Si è votato in Europa ma sotto sotto tutti sono consapevoli che le elezioni che contano saranno quelle di novembre negli Stati Uniti. Le imprevedibili variabili che arriveranno da oltre oceano condizioneranno pesantemente gli assetti e i posizionamenti delle classi dirigenti europee già da tempo alle prese con seri problemi di “governabilità”.

I risultati delle elezioni europee prima e di quelle francesi poi, hanno perimetrato gli allarmi – spesso più che strumentali – di una valanga della destra sugli equilibri politici in Europa.

Sullo sfondo di una guerra dentro l’Europa e contro la Russia che le attuali classi dirigenti intendono continuare ad alimentare, le rendite di posizione delle rappresentanze politiche tradizionali del bipolarismo (conservatori e socialdemocratici, entrambi allineati al liberismo) hanno subìto forti sollecitazioni ma hanno – per ora – sostanzialmente tenuto. Il risultato delle elezioni francesi e quelli delle europee ci dicono sostanzialmente questo.

Dopo aver portato l’intera politica economica e internazionale a destra, aumentando enormemente le disuguaglianze sociali e le ambizioni guerrafondaie, le classi dirigenti bipartisan europee hanno scoperto che qualcuno poteva attuare una politica di destra attingendo all’originale invece che alla sua mutuazione liberale.

Ma hanno anche verificato che mantenere il potere sul terreno “Tina” (There Is Not Alternative) non è più gratis.

Hanno addomesticato prima la sinistra (vedi la Grecia) e poi la destra all’obbedienza verso i diktat degli apparati di comando di Bruxelles e della Nato. Hanno gestito l’emergenza pandemica senza mutare di un millimetro gli assetti sociali per ritornare subito ai vincoli del Patto di Stabilità, e questo nonostante le profonde ferite apertesi in vasti strati popolari delle società, perfino in paesi ricchi e stabili come Germania e Francia.

Oggi intravedono nell’economia di guerra la risposta possibile alla recessione economica e industriale innescata dalla competizione globale e frontale scatenata contro i Brics e i paesi emergenti per impedirgli di crescere e competere.

L’accumulo di queste contraddizioni ha però messo in evidenza crescenti problemi di governabilità e di consenso per le classi dirigenti europee. Per mantenere la governabilità devono stringere o immaginare alleanze fino a ieri rifiutate con supponenza ma con un obiettivo sempre ben definito: sbarrare la strada non tanto ai fascisti ma alle forze che indicano come prioritarie le esigenze popolari piuttosto che quelle delle banche o degli industriali.

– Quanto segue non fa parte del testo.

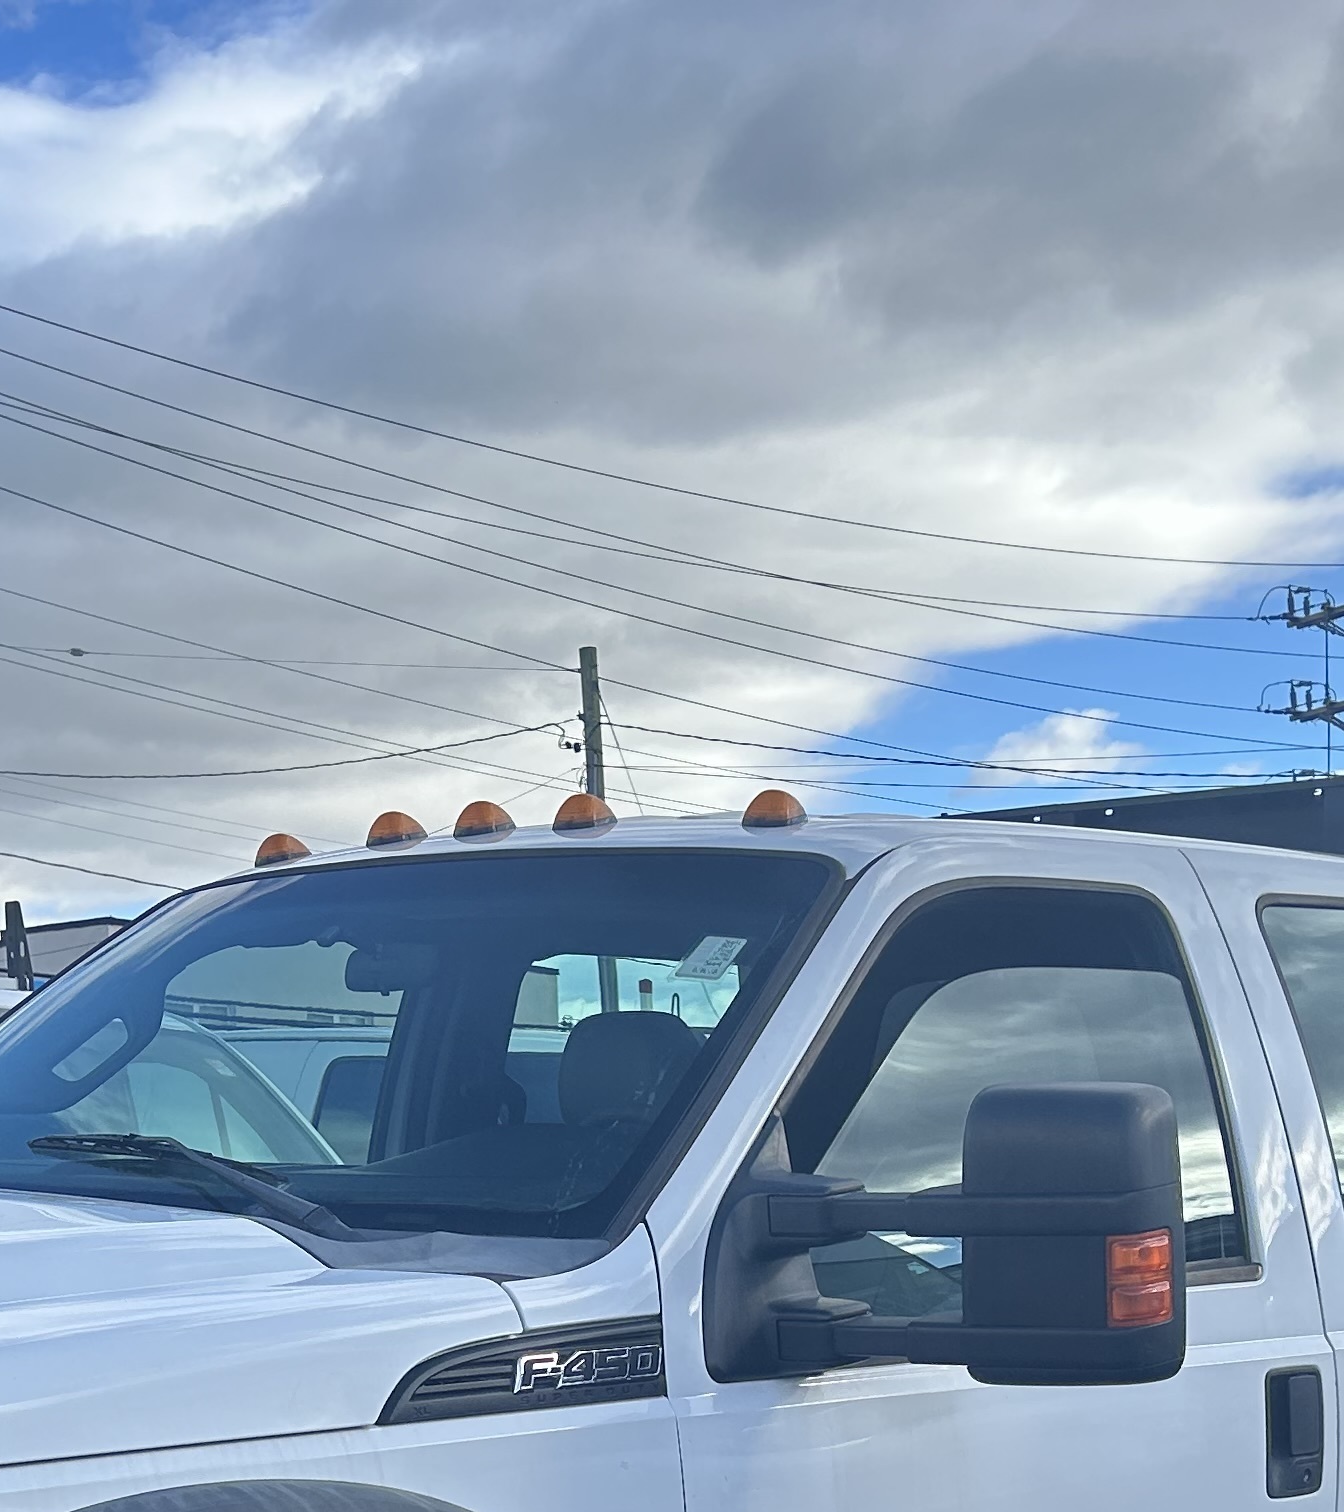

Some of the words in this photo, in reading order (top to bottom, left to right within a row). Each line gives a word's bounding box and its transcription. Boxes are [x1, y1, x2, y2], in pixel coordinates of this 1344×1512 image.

In Francia è fin troppo evidente come i partiti dei ricchi cercheranno di sgretolare il Nuovo Fronte Popolare per cooptarne una parte nella coalizione di governo che dovrà convivere con Macron e il suo programma antipopolare. Imbarcheranno socialisti e verdi ed emargineranno violentemente La France Insoumise nonostante i pesanti compromessi in politica estera che questa ha accettato in nome dell’unità antifascista.

Lo stesso faranno a livello di Parlamento e Commissione europea, magari imbarcando la zattera della Meloni dalla quale sono scesi quasi tutti.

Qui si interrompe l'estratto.